Major buy-side and sell-side firms call for regulatory action to make clearing houses safer and propose a step-change in how the market deals with clearing house failure

 

New York, October 24, 2019 – BlackRock, Goldman Sachs, J.P. Morgan, Allianz, Citi, Societe Generale, State Street, T. Rowe Price, and Vanguard, today, in a joint paper [click to view], presented detailed recommendations from both buy-side and sell-side perspectives to further enhance the safety and soundness of central counterparties (CCPs), also known as clearing houses. Since the financial crisis, CCPs have been increasingly relied upon to protect market participants from counterparty losses when faced with major market shocks but, despite enhancements in the past few years, the firms believe that there remain outstanding issues relating to CCP resilience, recovery and resolution that require further action.
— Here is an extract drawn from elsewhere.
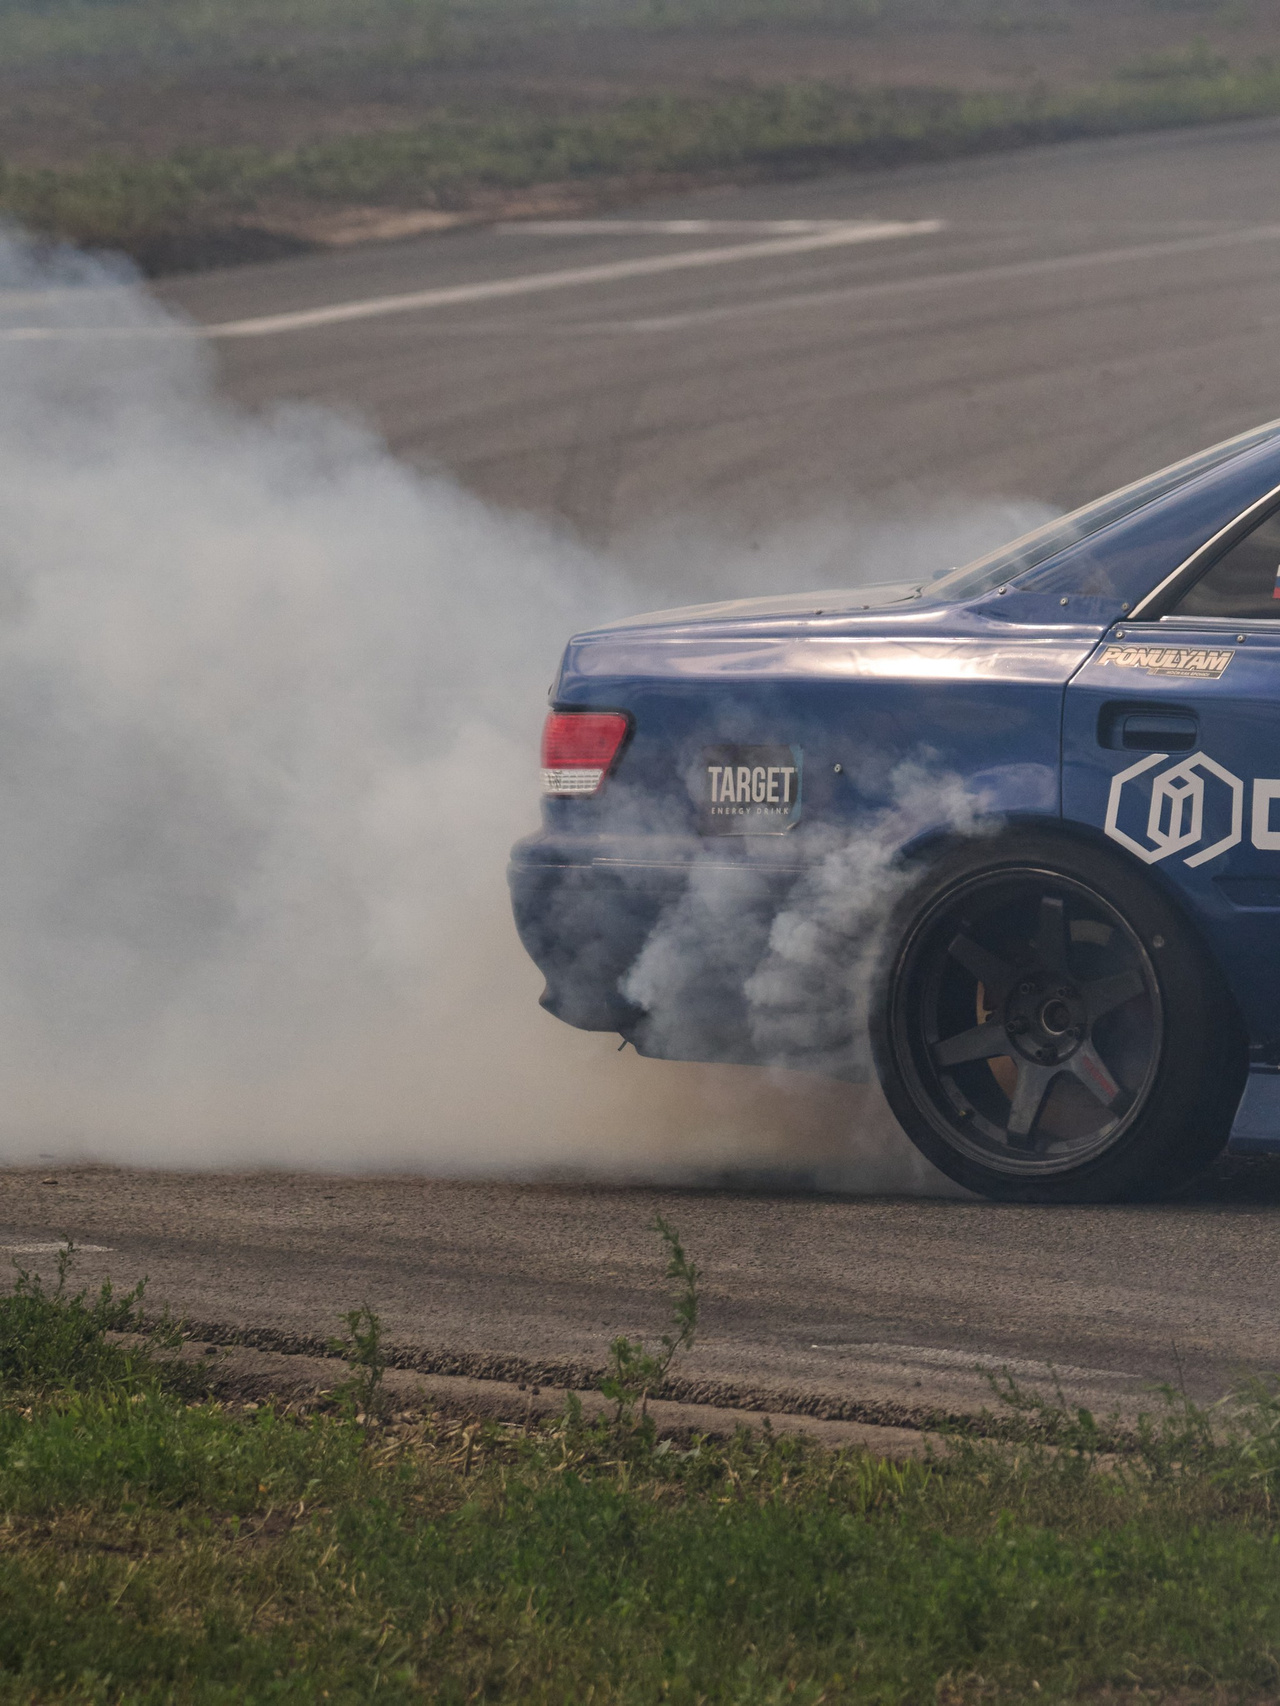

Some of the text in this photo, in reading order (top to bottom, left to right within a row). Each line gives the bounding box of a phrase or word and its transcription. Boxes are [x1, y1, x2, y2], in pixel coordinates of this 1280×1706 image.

In the spirit of ensuring on-going financial stability in times of market disruption or crisis, the paper seeks to better align incentives between CCPs and market participants, and ensure that clearing member and end-user liabilities are limited and manageable.  Our recommendations address key elements of resilience, recovery, and resolution of a CCP and include:

On Resilience

  • ensuring that CCPs are subject to appropriate risk management standards and have sufficient financial resources in place to reduce the likelihood of ever needing to enter a recovery or a resolution process
  •  requiring CCPs to make material contributions of their own capital to the default waterfall in two separate tranches

On Recovery

  • introduction of a clearing member ballot to support CCP recovery
  • compensation to be provided to clearing members and end-users for losses incurred through recovery or resolution tools
  • pre-defined assessment rights capped at one times each clearing member’s default fund contribution

On Resolution

  • require CCPs to set aside ex ante resources (e.g., issuance of long term debt that could be bailed in) for recapitalization
  • regular reviews of CCP rulebooks to be conducted by resolution authorities in conjunction with CCP  primary regulators and systemic risk regulators to ensure a common understanding of CCP risk

“Together, these recommendations form a path forward to aligning incentives and enhancing financial stability through even stronger CCPs,” said Nicolas Friedman, Global Co-Head of Counterparty Risk at Goldman Sachs.

“Together, our recommendations will help ensure that CCPs are optimally structured to make sure the market remains resilient in the unlikely event of a meaningful disruption,” said Eileen Kiely, Deputy Head of Counterparty and Concentration Risk at BlackRock.

“Our recommendations would help ensure that clearing members’ and end-users’ exposures to the CCP are limited, ascertainable and manageable,” said Marnie Rosenberg, Global Head of Clearing House Risk & Strategy at JP Morgan Chase & Co.

“While central clearing has mitigated many risks, market resiliency can be enhanced by additional protections to strengthen margin calculations and default fund components, and to preserve the assets of non-defaulting market participants,” said William Thum, Global Head of Capital Markets Legal and Regulatory at Vanguard.